Avec les progrès technologiques, l'étranger n'est plus ce havre de paix qu'il représentait il y a quelques années encore. Même au quotidien, certains professionnels se doivent d'être disponibles 24 heures sur 24, du fait des décalages horaires. Franck Blériot est directeur général de Miniface, un fabricant de figurines de petite taille. Il est en lien continu avec son usine, implantée en Chine. «Je suis parfois contacté en pleine nuit pour répondre à des questions de nos équipes. Si besoin, elles peuvent m'envoyer des photos ou vidéos de nos produits et nous travaillons en direct à distance», explique-t-il.

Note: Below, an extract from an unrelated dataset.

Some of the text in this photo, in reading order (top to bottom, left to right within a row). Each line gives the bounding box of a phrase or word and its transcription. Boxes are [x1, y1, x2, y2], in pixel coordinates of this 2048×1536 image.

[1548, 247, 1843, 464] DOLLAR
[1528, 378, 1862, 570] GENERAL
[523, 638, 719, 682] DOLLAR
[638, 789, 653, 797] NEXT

Autant de pratiques qui posent question. Outre l'incompréhension des proches – l'utilisation du Blackberry lors des week-ends ou des congés est un sujet classique de litiges entre conjoints –, les technologies nomades sont accusées d'accroître le stress de ses utilisateurs. «Lorsqu'une personne est en lien continu avec son travail, elle n'a jamais l'occasion de se reposer véritablement et de faire retomber la pression. À terme, celle-ci peut devenir trop forte et causer d'importants dégâts sur la santé», relève Virginie Govaere, chargé d'études à l'Institut national de recherche et de sécurité.

Dépendance

Si aucune étude scientifique n'a pour l'heure analysé ces conséquences, les professionnels mettent en garde contre les risques psychosociaux (stress, harcèlement, mal-être, etc.). Avec, comme pathologie la plus extrême, le "burn-out", syndrome d'épuisement professionnel qui peut déboucher sur de grosses dépressions.

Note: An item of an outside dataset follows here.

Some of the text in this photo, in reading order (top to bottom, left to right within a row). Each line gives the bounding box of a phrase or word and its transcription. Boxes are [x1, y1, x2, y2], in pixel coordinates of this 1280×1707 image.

Conscients de leur dépendance, certains salariés s'imposent des limites. Effort modeste mais réel, Gaud Prat coupe complètement son PDA une semaine par an, durant le mois d'août. D'autres le débranchent plus régulièrement, ou hiérarchisent les priorités. «Certaines informations ne nécessitent pas d'être traitées dans l'heure ou la journée. Inutile de se stresser pour elles», note Franck Blériot. Pour ne pas être harcelé durant ses congés, il filtre la réception de ses messages: seuls ceux émanant d'interlocuteurs stratégiques lui sont directement communiqués sur son Blackberry. Encore faut-il pouvoir se le permettre. «Certains salariés ont des supérieurs hiérarchiques respectueux de la vie privée, d'autres non. La maîtrise des technologies nomades dépend avant tout de la culture managériale en place», souligne Denis Bérard, chargé de mission à l'agence nationale pour l'amélioration des conditions de travail.

 

 

La sécurité informatique, frein naturel
Le travail en mode nomade est un cauchemar pour les responsables de sécurité informatique. Toute connexion d'un téléphone multimédia aux serveurs de l'entreprise fait courir le risque de voir les communications interceptées. Si les fabricants développent des systèmes de cryptage ultra-perfectionnés, certains acteurs préfèrent ne pas prendre de risques. L'usage du Blackberry est ainsi prohibé à l'Élysée et à Matignon. Aux États-Unis, ce n'est qu'après avoir tapé du poing sur la table que Barack Obama a pu conserver le sien lors de son accession à la Maison Blanche. Les dirigeants d'entreprise suivront-ils le mouvement?